We agree with the benefits of the CR100 that everyone has outlined. Many of them are the same reasons we introduced it back in 2005, and certainly why we’ve worked so hard to extend the life of the product as long as we have. It’s a product that we are very proud of.


I love language, but what is with the 'we'. PS has been in charge for 5-minutes and is killing the CR100. Maybe PS could consider using the word 'they' or 'Sonos'


Arriving at the conclusion that the CR100 could no longer be supported as part of the system is not something we took lightly. Hardware this old has real limitations that we’re no longer able to solve for without compromising the rest of the experience. By consumer electronics standards, the CR100 is essentially a 10-generation old mini-computer, and it is not sustainable or scalable for us to keep it going – or even for us to keep supporting it via a legacy build, as you proposed (as it’s something we contemplated).

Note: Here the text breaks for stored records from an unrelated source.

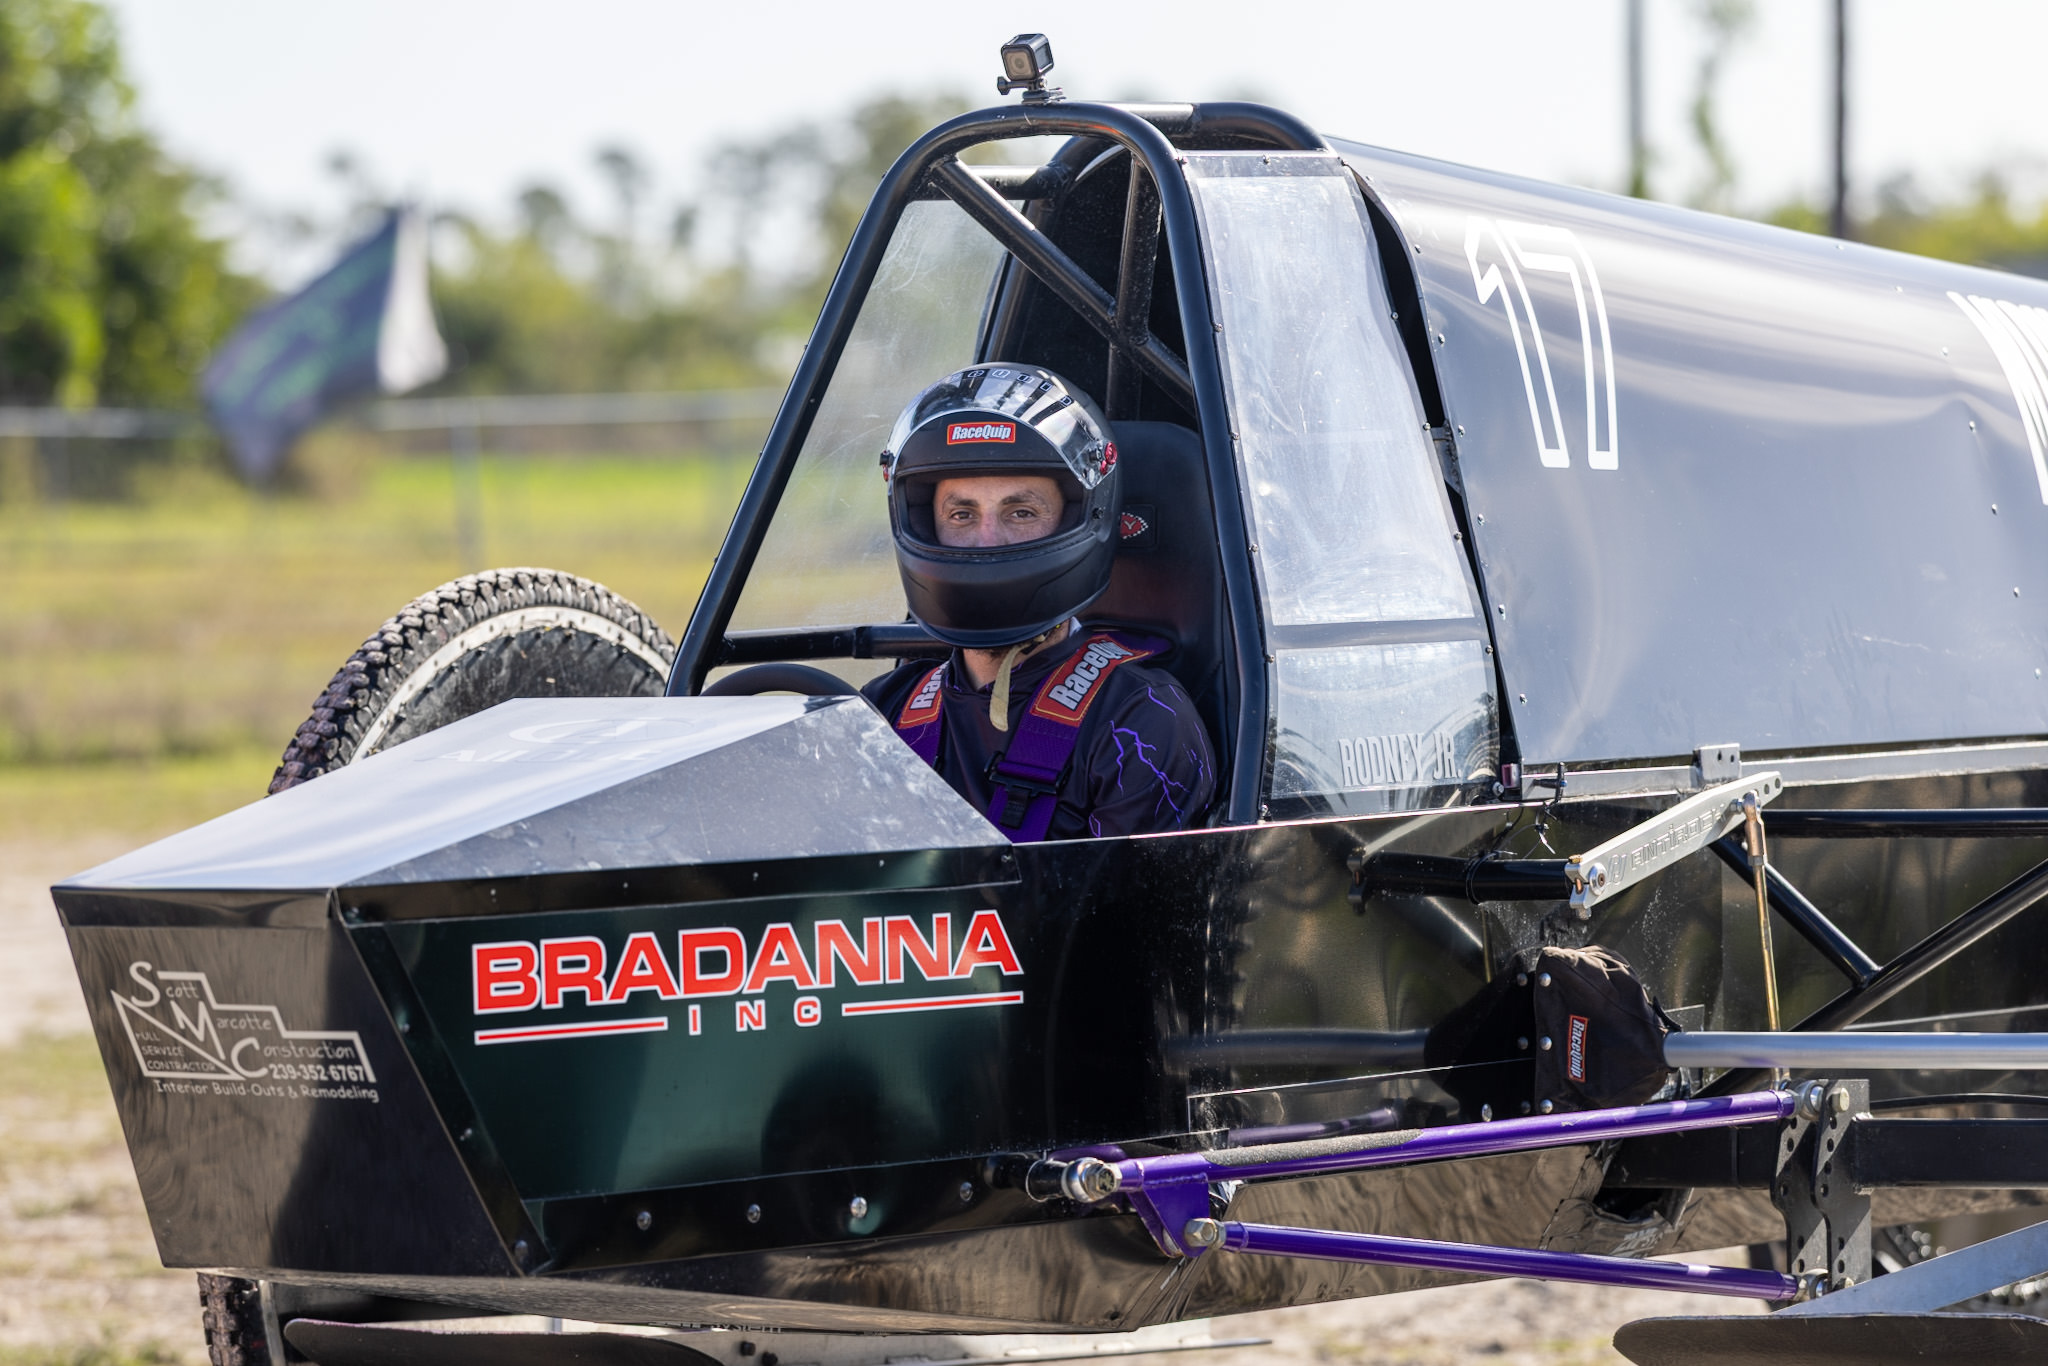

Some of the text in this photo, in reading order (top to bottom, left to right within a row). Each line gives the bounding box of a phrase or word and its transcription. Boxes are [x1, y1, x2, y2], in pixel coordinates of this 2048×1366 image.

[1464, 215, 1619, 470] 17
[952, 424, 1012, 440] RaceQuip
[1338, 733, 1425, 787] RODNEY
[472, 909, 1025, 1015] BRADANNA
[129, 961, 200, 1008] Scott
[169, 1000, 272, 1060] Marcotte
[688, 996, 822, 1036] INC
[142, 1045, 184, 1057] SERVICE
[147, 1060, 216, 1072] CONTRACTOR
[231, 1037, 355, 1078] Construction
[1570, 1019, 1585, 1079] RaceQuip
[153, 1079, 208, 1094] Interior
[300, 1084, 379, 1103] Remodeling
[269, 1063, 365, 1082] 239-352-6767

So that is the nail in the coffin for the ZP80/ZP100 then. They are that old, have the same hardware limitations as they have the same chipset. RyanS already confessed that the memory/code savings of the CR100 are minuscule so don't expect any new features as a result.
Why isn't maintaining a 'beta track' for a sidelined 8.4 not sustainable. Cost is negligible, support is not required. It is a once off set-up for Sonos to write some basic instructions, that are a rehash of beta instructions. Then you are on your own.

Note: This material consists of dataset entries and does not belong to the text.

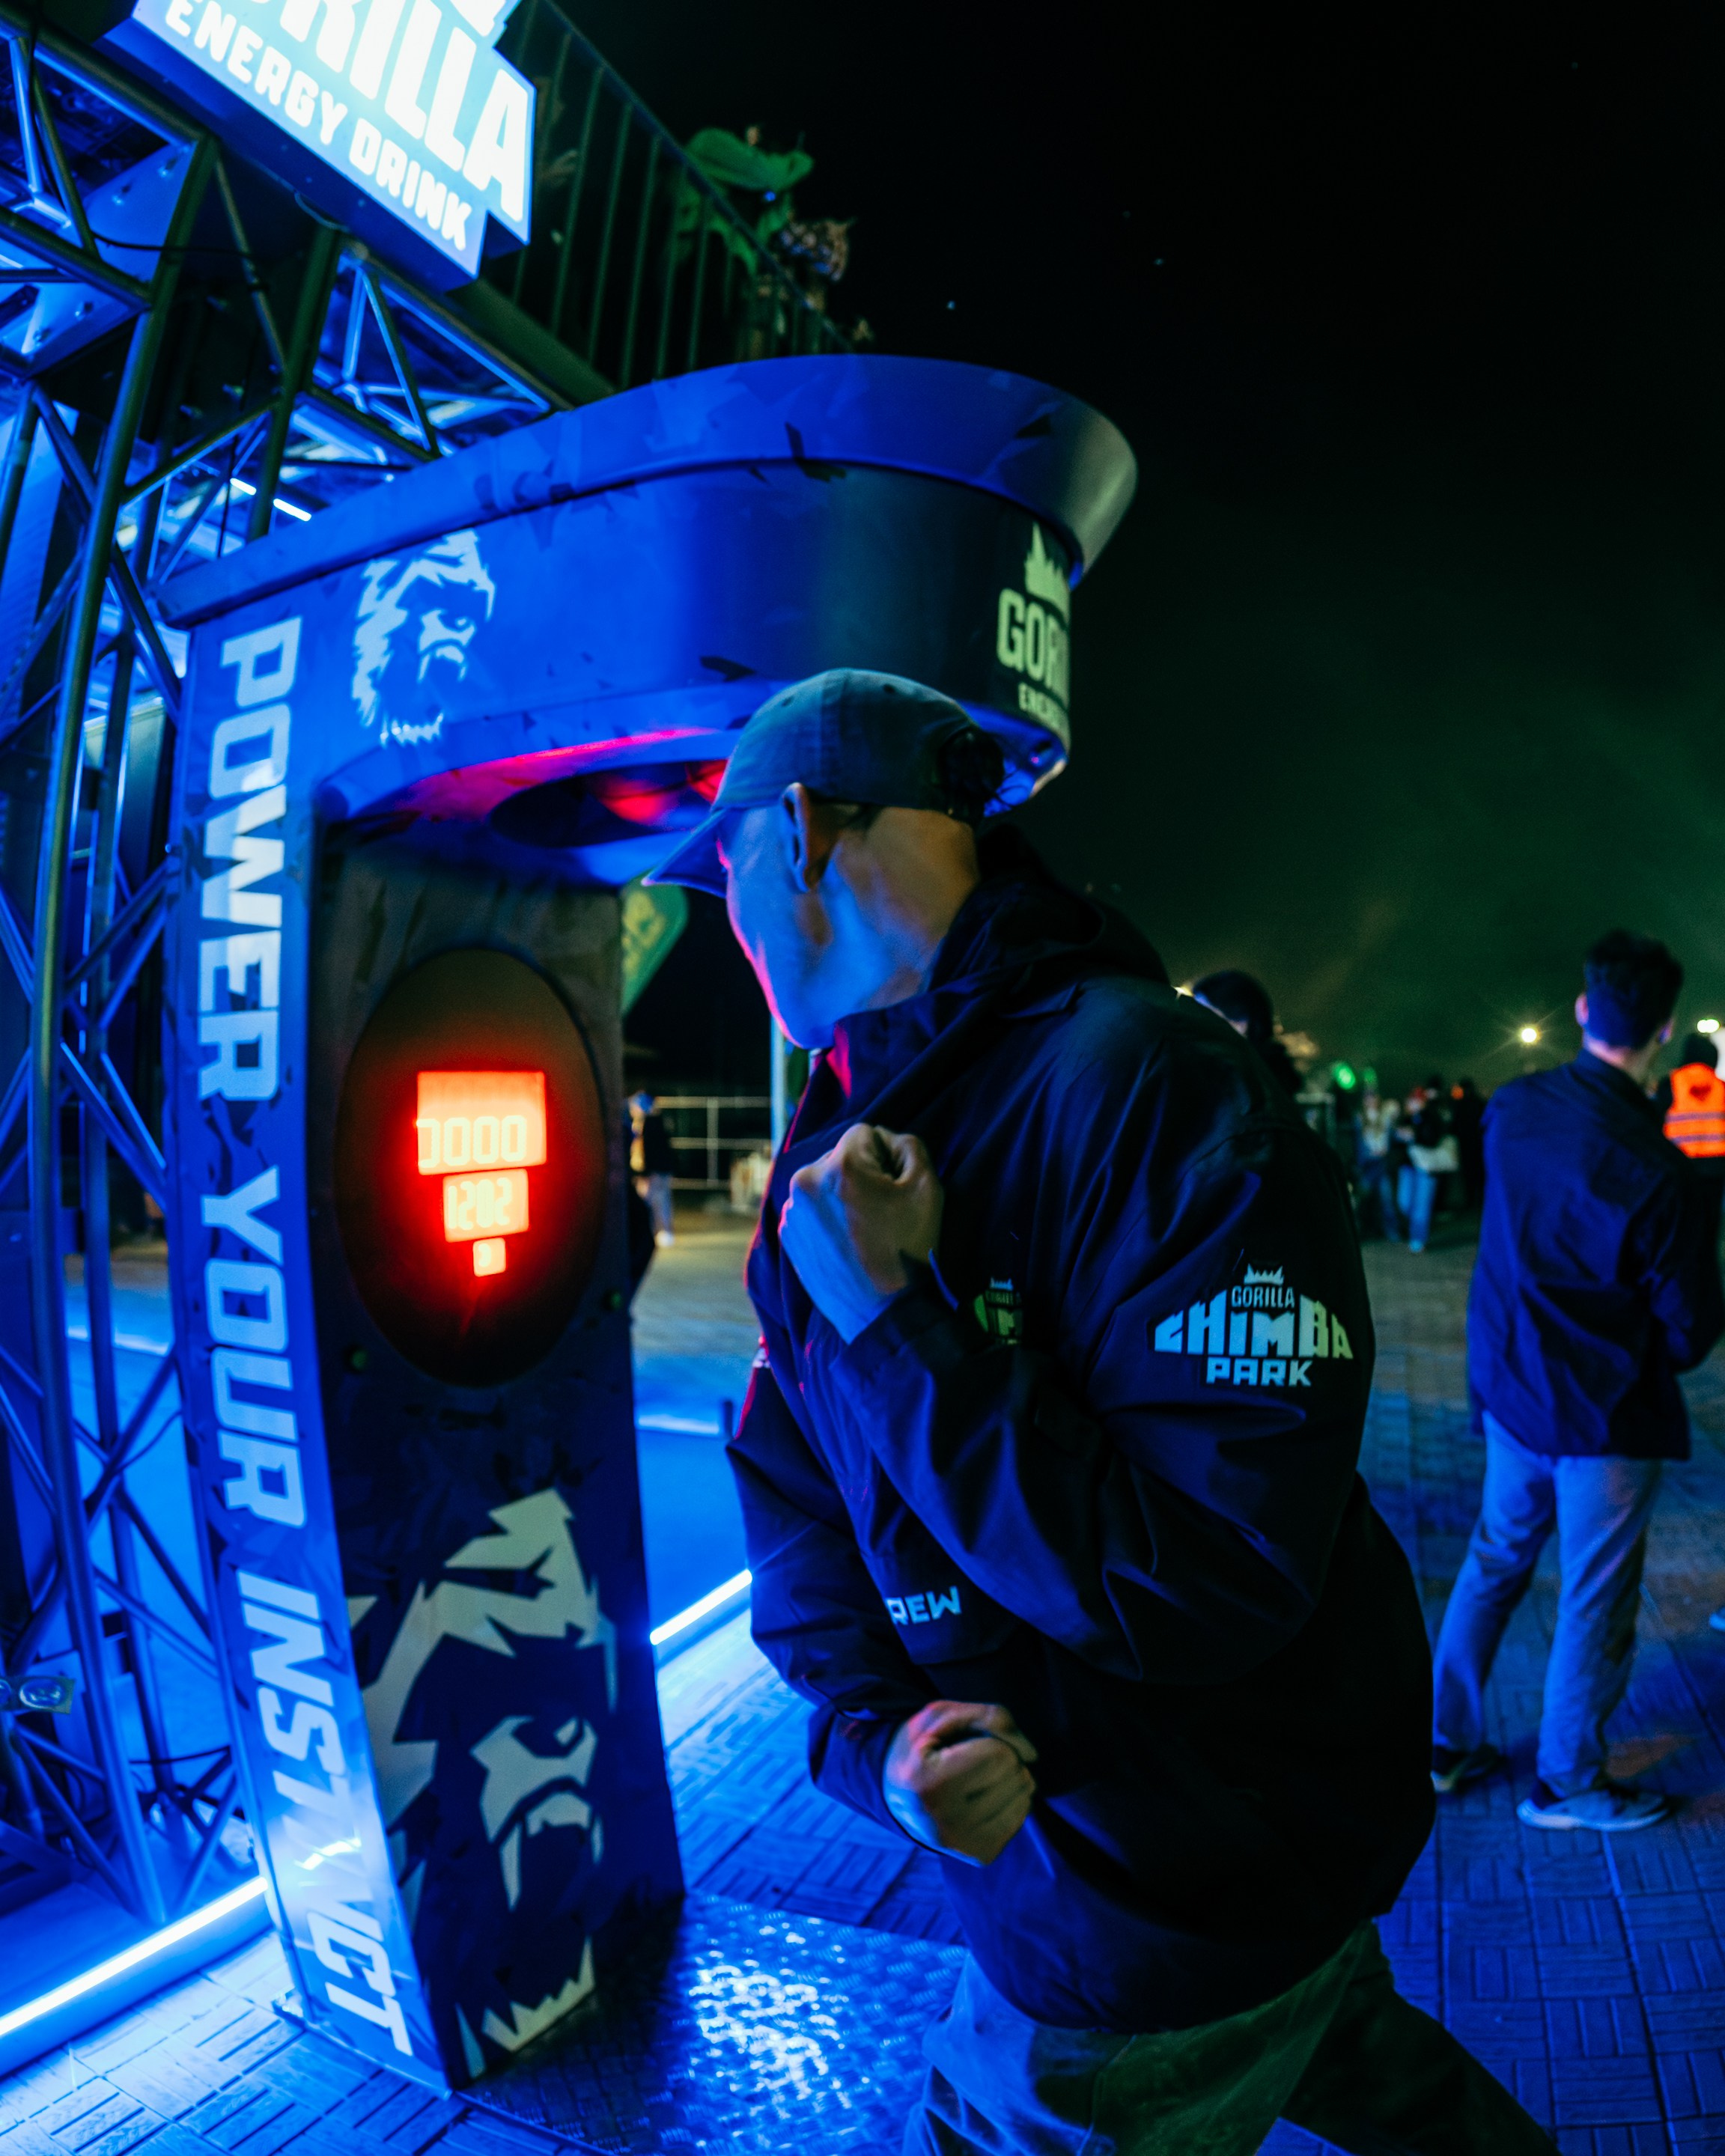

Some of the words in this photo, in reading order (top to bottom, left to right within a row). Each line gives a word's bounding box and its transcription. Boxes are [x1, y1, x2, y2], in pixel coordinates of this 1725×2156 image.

[165, 0, 348, 145] ENERGY
[349, 118, 472, 251] DRINK
[198, 615, 301, 1101] POWER
[201, 1165, 306, 1527] YOUR
[1154, 1288, 1354, 1359] CHIMBA
[1206, 1356, 1312, 1386] PARK
[1232, 1285, 1295, 1309] GORILLA
[237, 1569, 413, 2057] INSTINCT

It has always been this way for legacy stuff. I've got a Buffalo Terastation that is older than Sonos I think, I doubt Buffalo support have anyone around from when it was a current model. I am on my own (with a network of other owners that keep these NAS dreadnoughts operating).

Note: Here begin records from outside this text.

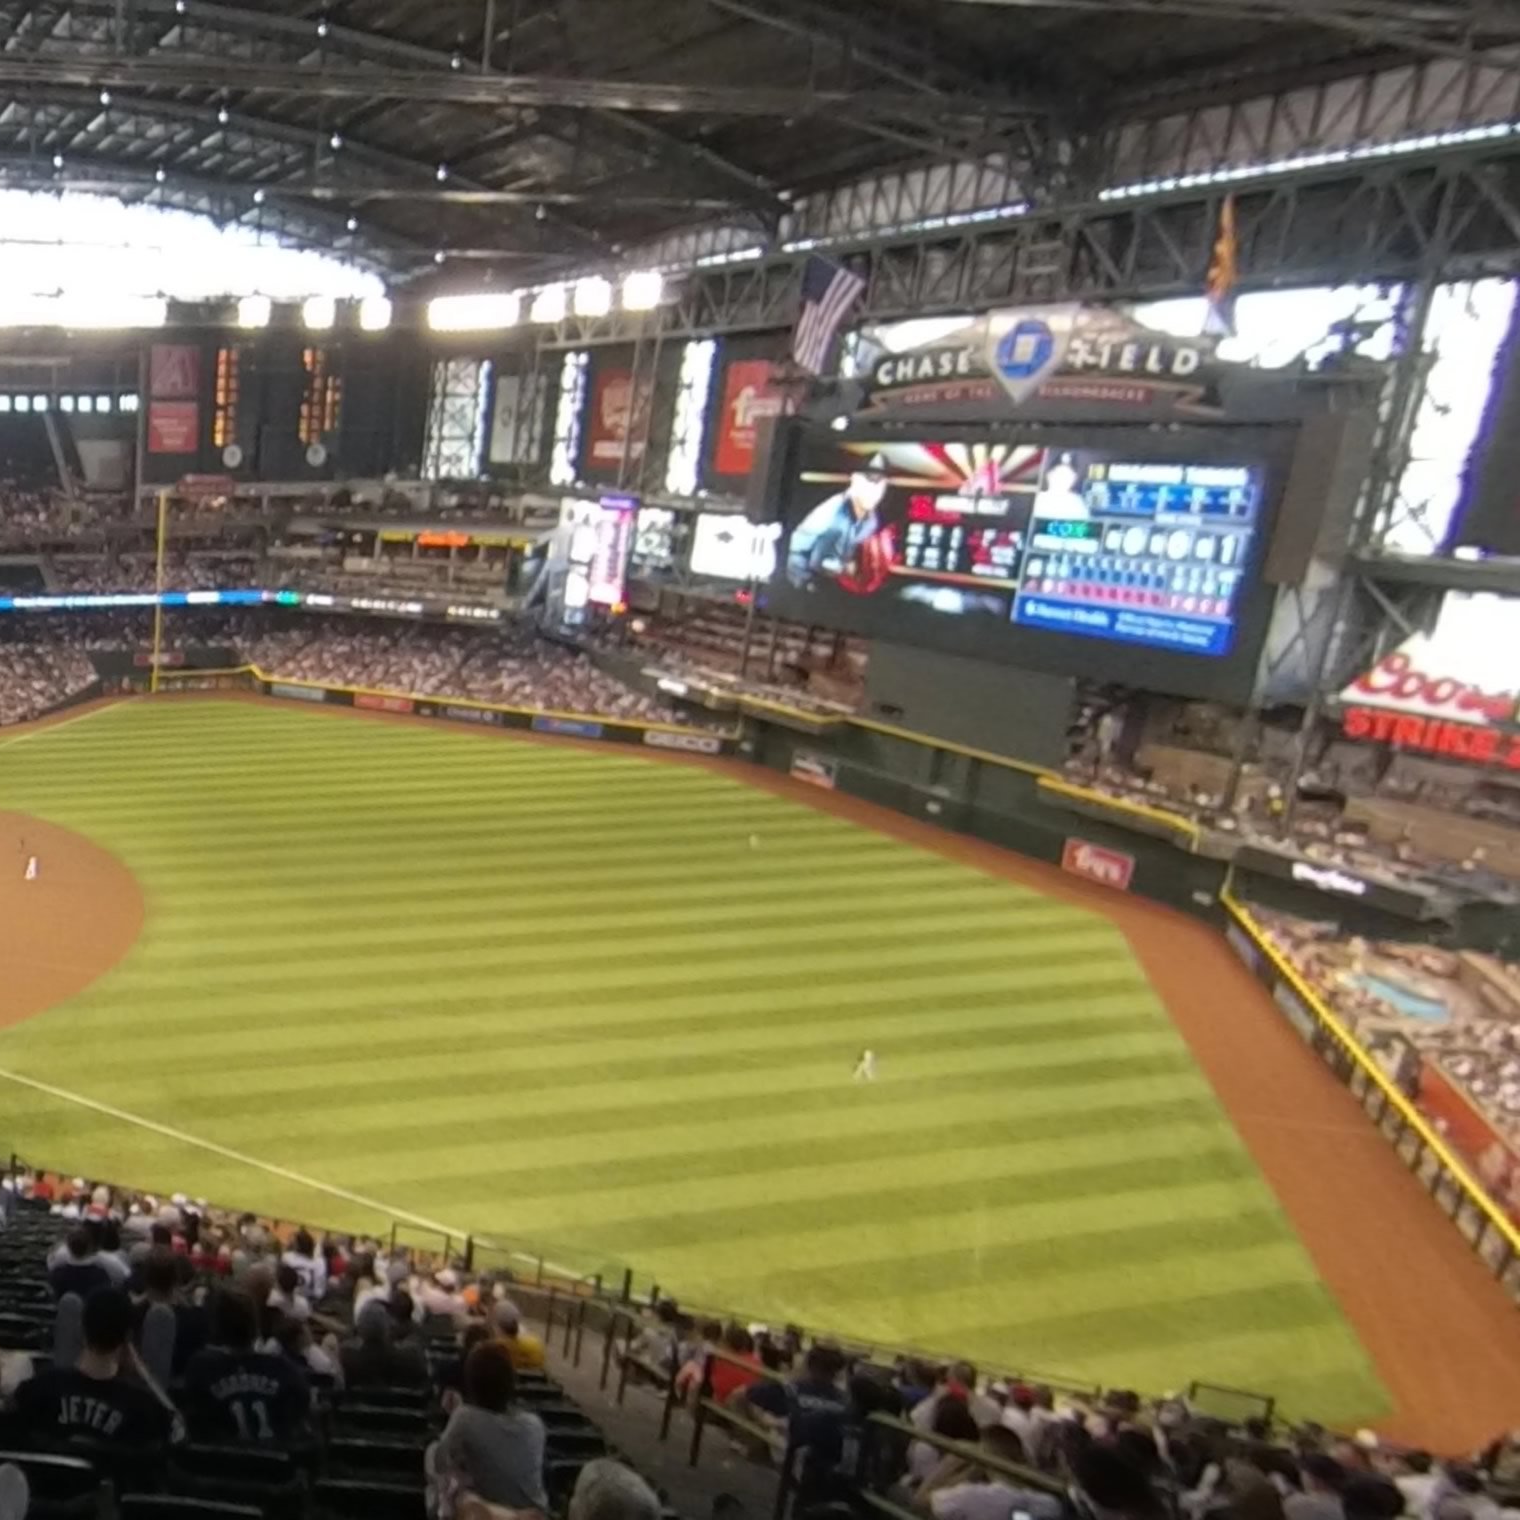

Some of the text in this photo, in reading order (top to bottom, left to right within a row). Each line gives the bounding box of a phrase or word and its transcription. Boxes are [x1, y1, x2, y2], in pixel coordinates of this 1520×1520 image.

[876, 339, 1199, 386] CHASE FIELD
[645, 730, 720, 754] GEICO
[1343, 707, 1500, 760] STRIKE
[57, 1394, 124, 1435] JETER
[230, 1399, 275, 1440] 11

This is a won't not a can't. Being able to not upgrade should be a right not fight, it shouldn't require turning off auto-updates on other devices.

Additionally we have resources for alternatives to address some of the concerns outlined in moving to another controller. Here’s one to start.

https://sonos.custhelp.com/app/answers/detail/a_id/3241?_ga=2.110335747.727596262.1523297296-281356077.1521237538

We’ll continue to add and share more in the community to help people with options that may address some of the valid concerns people have in making the transition.

I note not a specific piece of actual hardware is mentioned, just a fluffy instruction on how to a get a piece of android hardware working if you buy the right one. How about some actual costed examples of nice looking android devices, suitable no-touch docks, and a guarantee that they support screen pinning or whatever. I am not a member of the Sonos development team, I am a customer.

Dave
Userlevel 5
Badge +4
Nice work JR. Thanks.:D
johngolfuk,

Just to say, I’m am really glad you received a personal reply to your letter from the Sonos CEO, before the update as you had hoped for and it appears to have achieved one outcome that I did not expect and that is the company is currently now offering you one voucher per CR100 controller. I assume it will be clarified if that offer extends to everyone involved and who contributed of the letter, or indeed everyone in the community.

Anyhow it was well worth the effort that you put into the letter and I think the CEO offer is worthy of consideration, though I’m sure some here have previously mentioned already that such an increased offer is still not for them.

Anyhow I think you achieved a good outcome from it and your efforts should be applauded by all, regardless of what other outcomes anyone else here was perhaps hoping for.